The data Start Marker

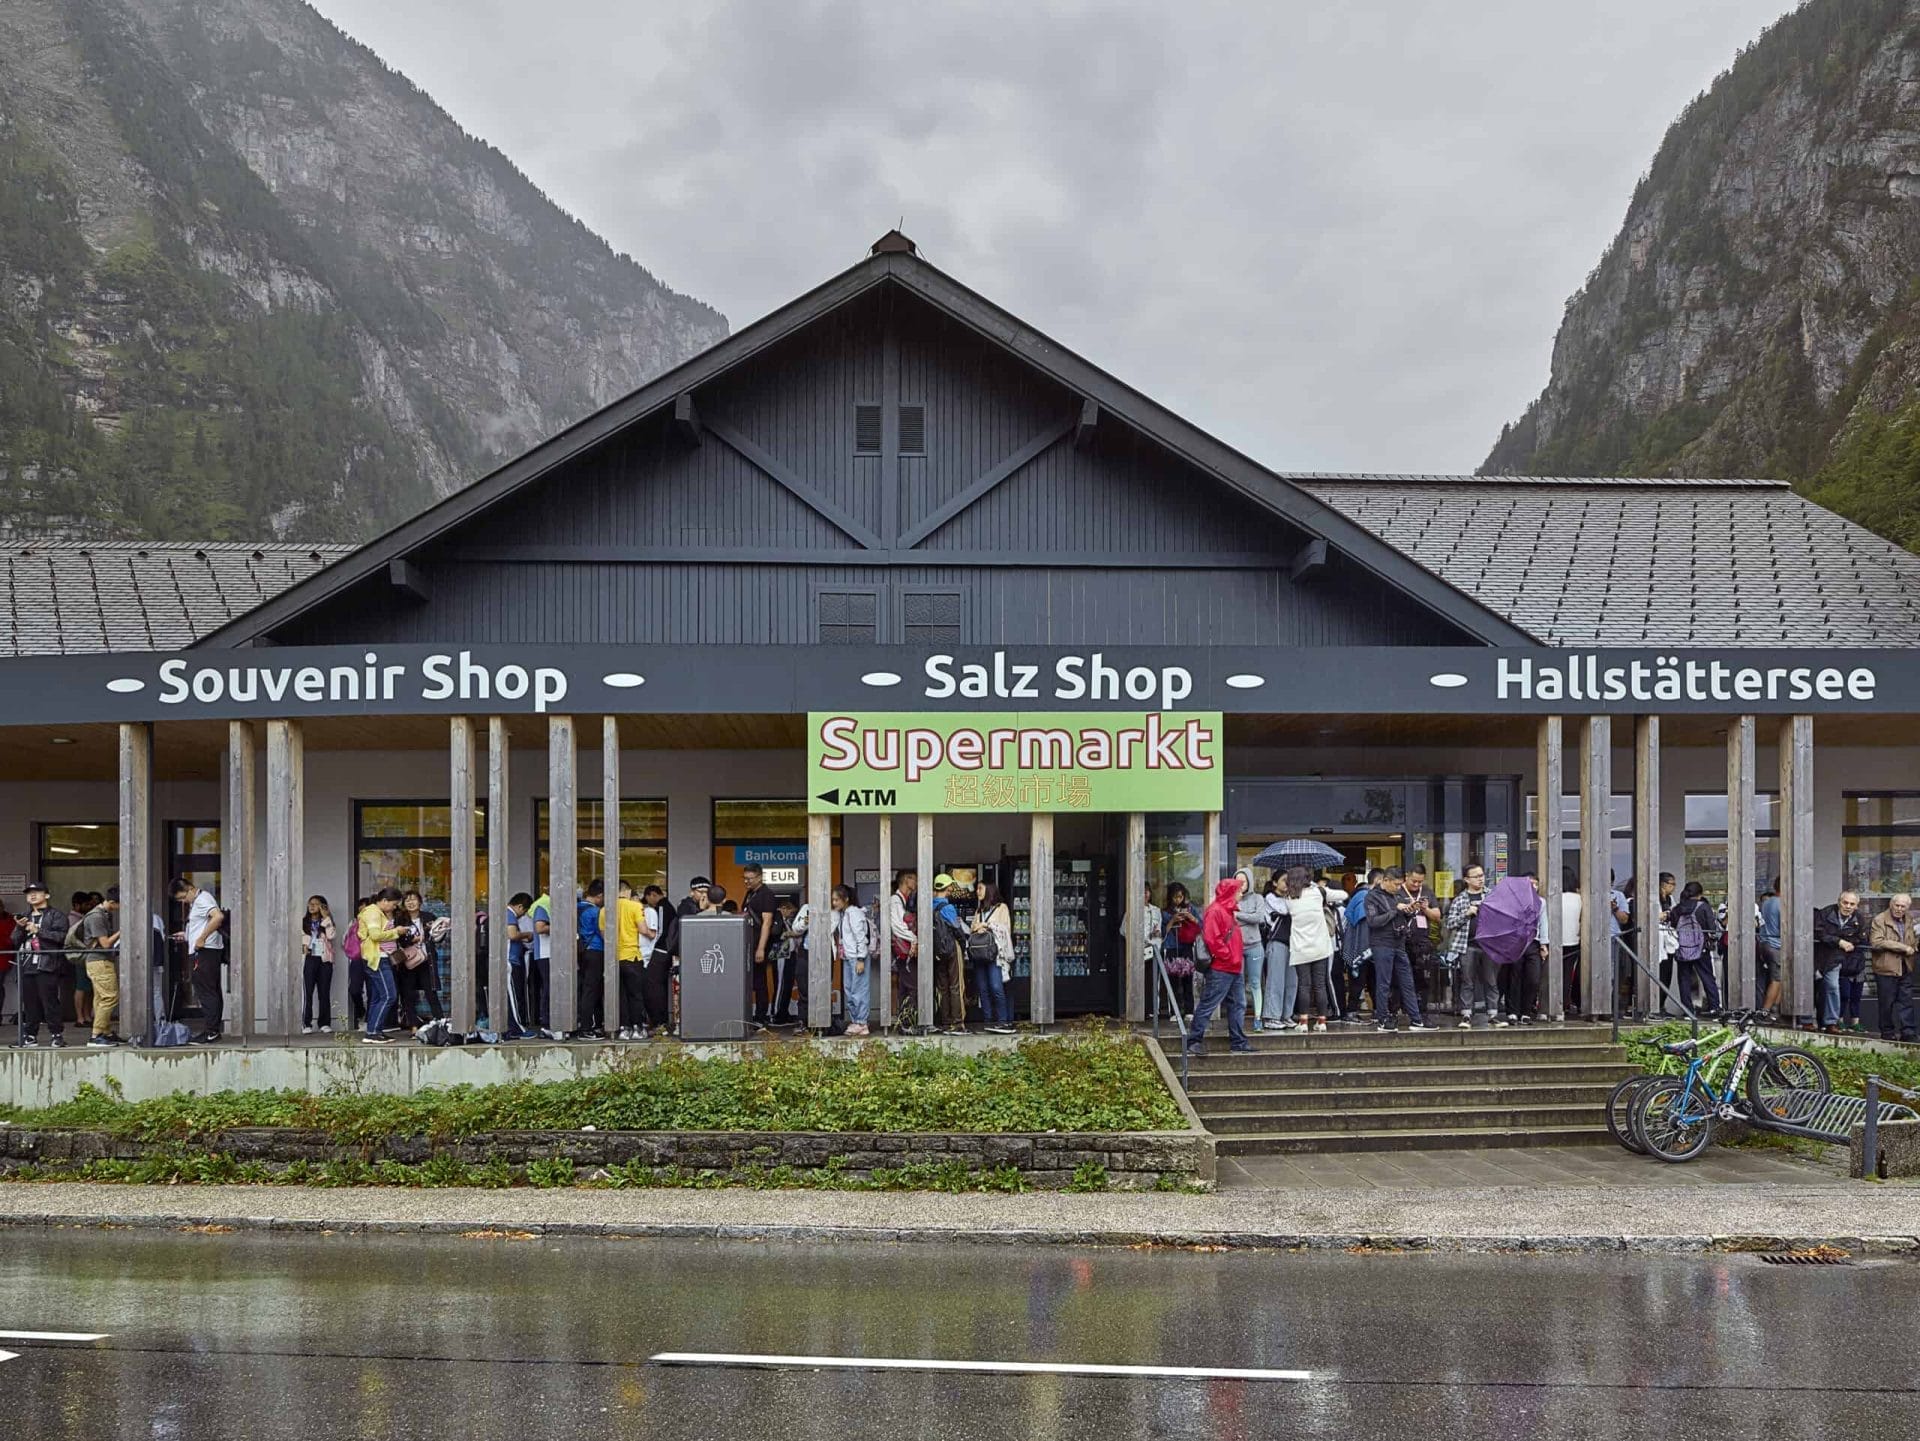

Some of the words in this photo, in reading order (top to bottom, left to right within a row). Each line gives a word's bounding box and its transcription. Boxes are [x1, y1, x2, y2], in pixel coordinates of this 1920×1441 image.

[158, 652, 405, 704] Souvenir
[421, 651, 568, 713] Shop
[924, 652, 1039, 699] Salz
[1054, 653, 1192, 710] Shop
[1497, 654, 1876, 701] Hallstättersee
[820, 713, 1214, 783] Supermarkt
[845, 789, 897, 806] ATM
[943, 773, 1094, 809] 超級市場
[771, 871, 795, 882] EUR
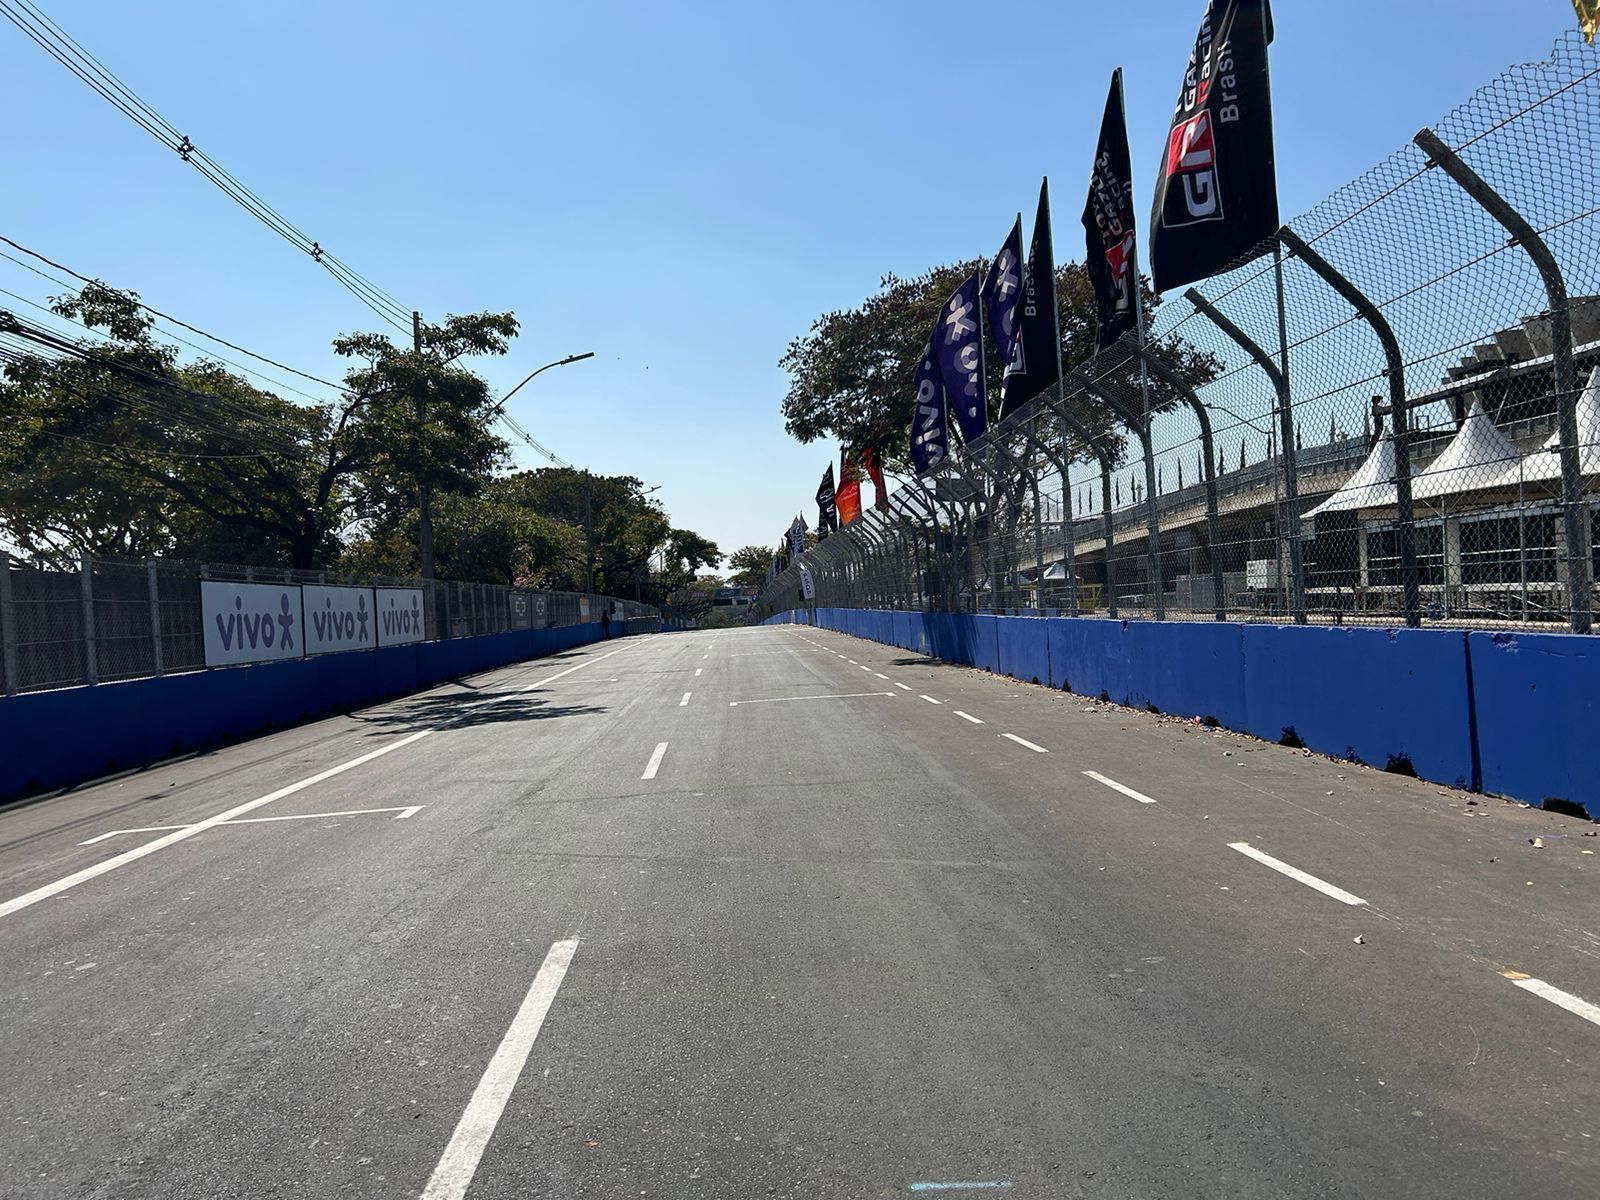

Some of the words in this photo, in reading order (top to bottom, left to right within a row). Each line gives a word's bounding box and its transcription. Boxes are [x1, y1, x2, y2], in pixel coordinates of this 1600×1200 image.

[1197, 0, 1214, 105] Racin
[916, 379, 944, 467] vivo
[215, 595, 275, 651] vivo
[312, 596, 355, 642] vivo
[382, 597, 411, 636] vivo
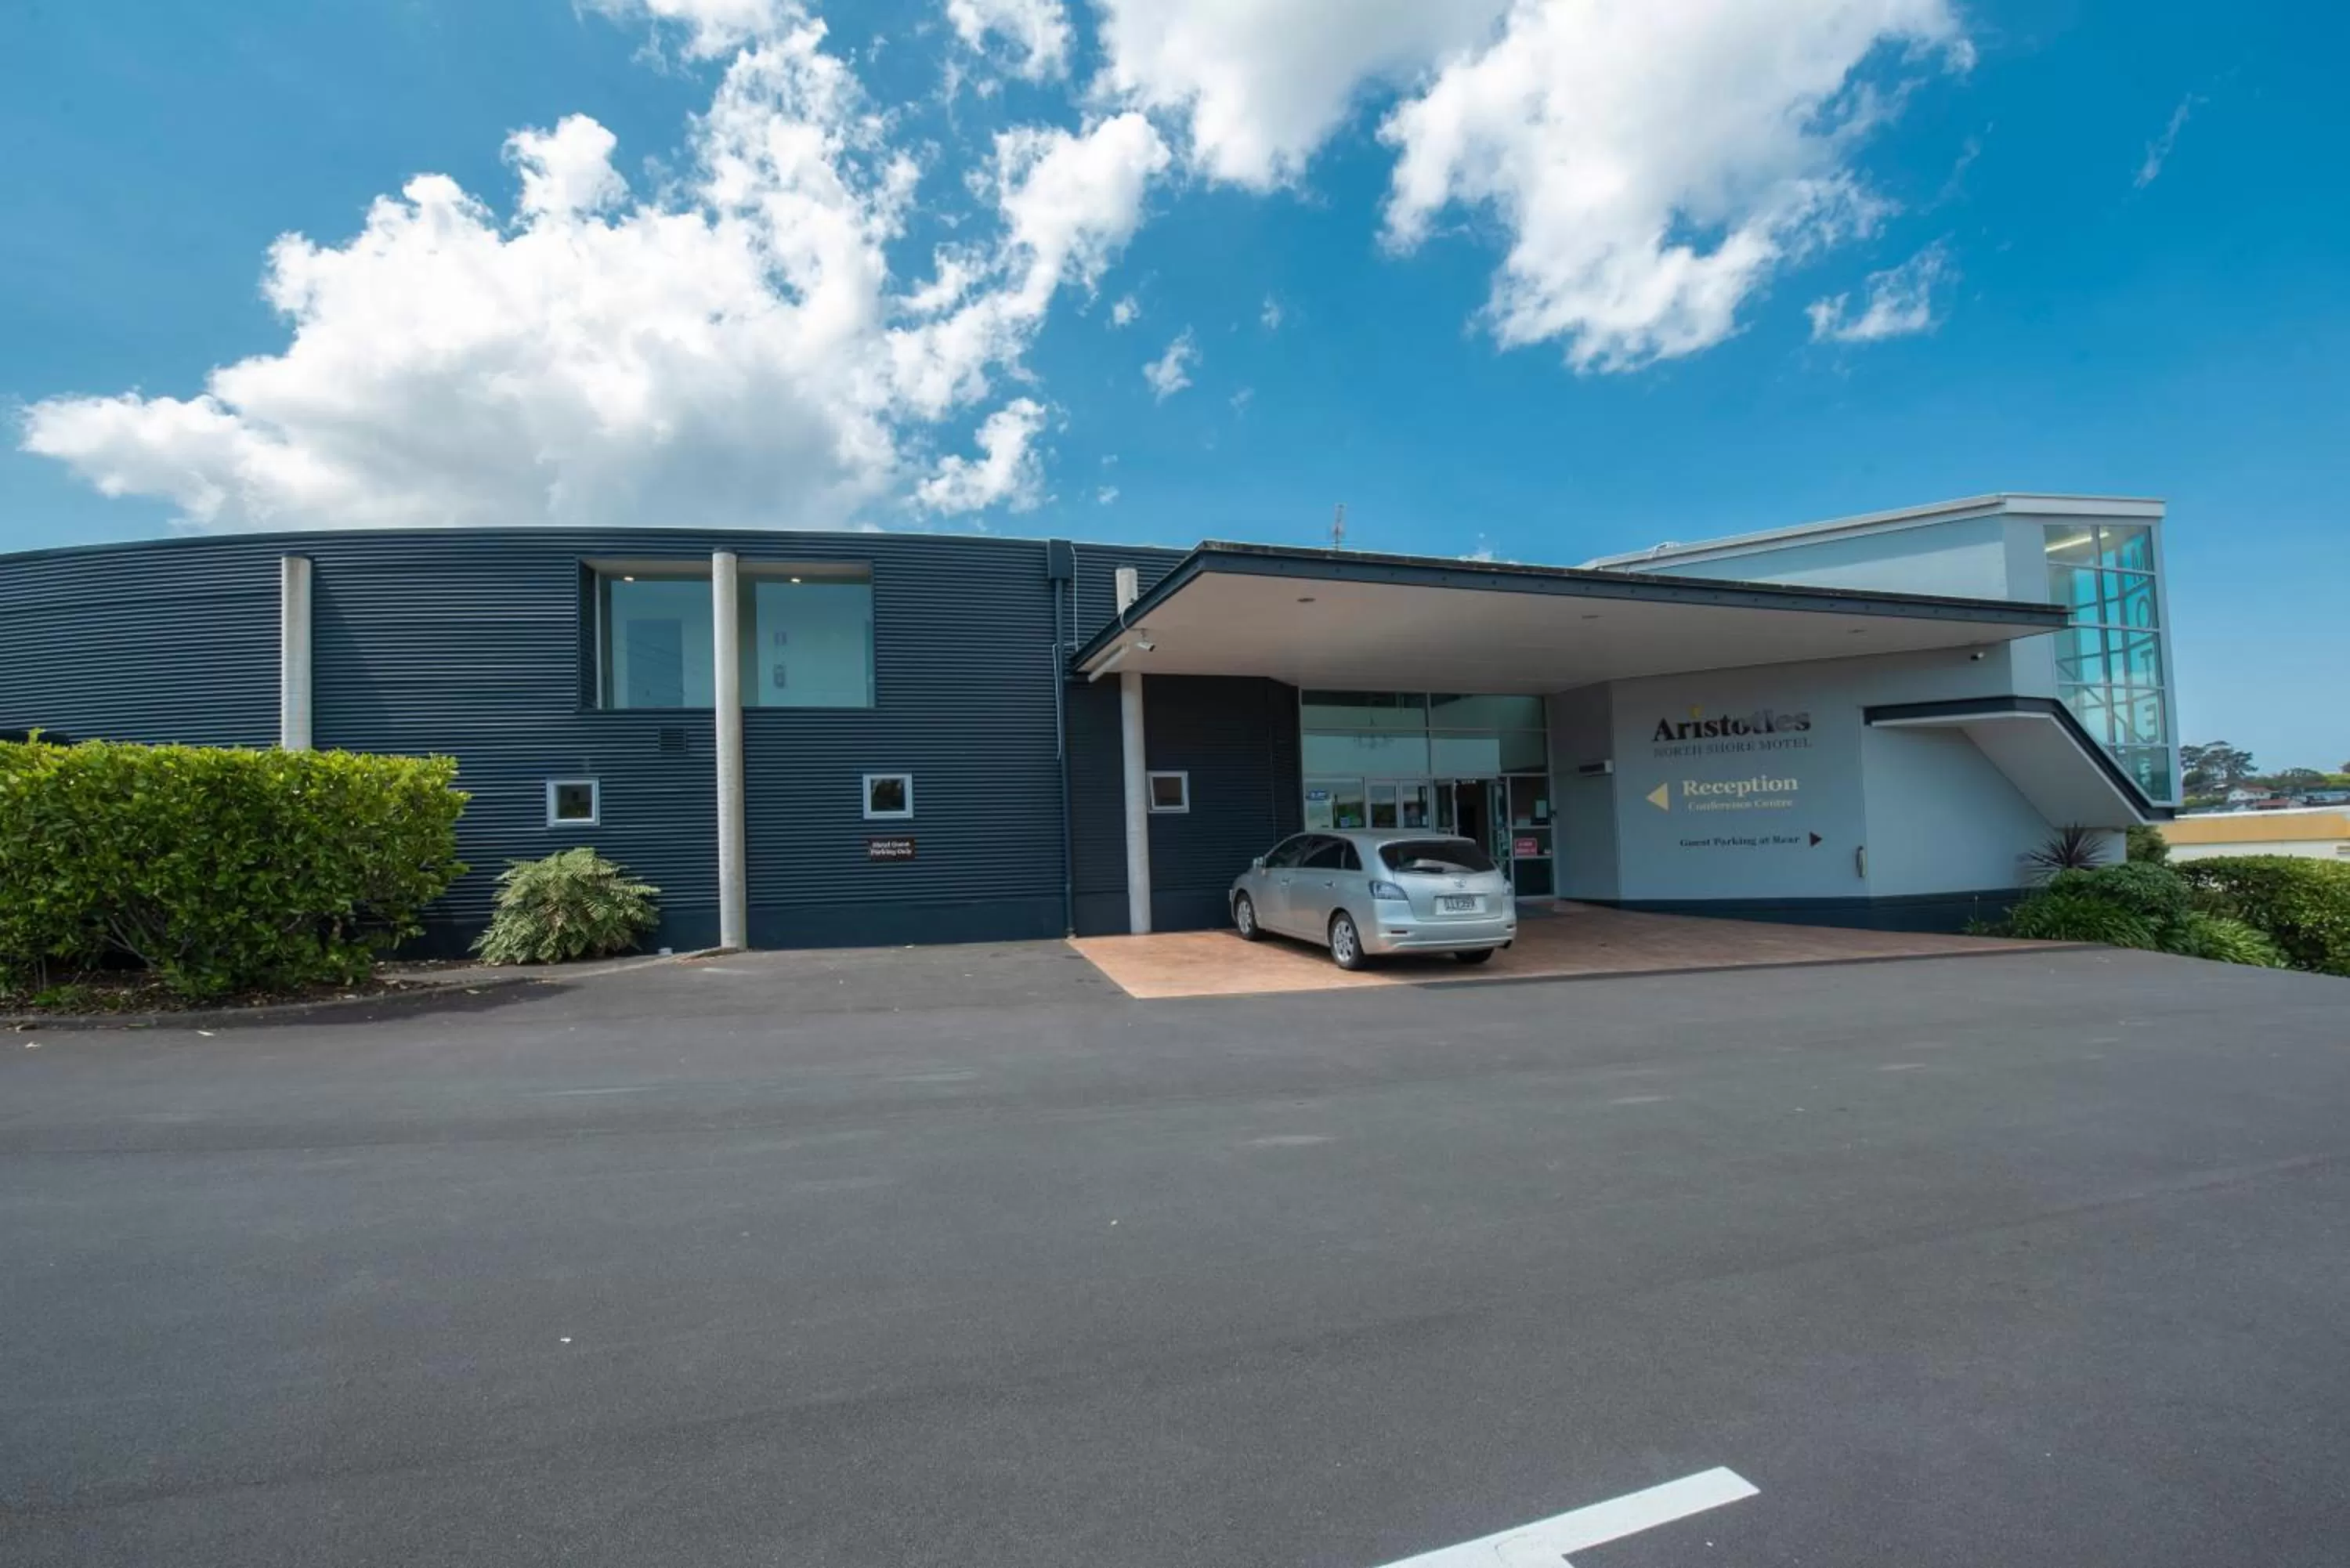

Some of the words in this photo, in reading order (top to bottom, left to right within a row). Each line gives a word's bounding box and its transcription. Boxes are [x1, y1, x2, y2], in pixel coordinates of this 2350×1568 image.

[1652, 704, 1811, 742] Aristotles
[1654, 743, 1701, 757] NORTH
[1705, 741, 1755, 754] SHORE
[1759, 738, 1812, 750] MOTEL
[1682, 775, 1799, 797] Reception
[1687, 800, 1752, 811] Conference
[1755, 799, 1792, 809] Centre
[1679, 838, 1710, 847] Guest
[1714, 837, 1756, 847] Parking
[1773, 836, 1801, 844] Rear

The data End Marker

- _What you should do_:
Copy exactly, please, every line from the one holding "this 1600×1200 image." through the last line of the data, both ends included, and no pictures.

- _Solved problem_:
Some of the words in this photo, in reading order (top to bottom, left to right within a row). Each line gives a word's bounding box and its transcription. Boxes are [x1, y1, x2, y2], in pixel coordinates of this 1600×1200 image.

[1197, 0, 1214, 105] Racin
[916, 379, 944, 467] vivo
[215, 595, 275, 651] vivo
[312, 596, 355, 642] vivo
[382, 597, 411, 636] vivo

Some of the words in this photo, in reading order (top to bottom, left to right within a row). Each line gives a word's bounding box and its transcription. Boxes are [x1, y1, x2, y2], in pixel coordinates of this 2350×1568 image.

[1652, 704, 1811, 742] Aristotles
[1654, 743, 1701, 757] NORTH
[1705, 741, 1755, 754] SHORE
[1759, 738, 1812, 750] MOTEL
[1682, 775, 1799, 797] Reception
[1687, 800, 1752, 811] Conference
[1755, 799, 1792, 809] Centre
[1679, 838, 1710, 847] Guest
[1714, 837, 1756, 847] Parking
[1773, 836, 1801, 844] Rear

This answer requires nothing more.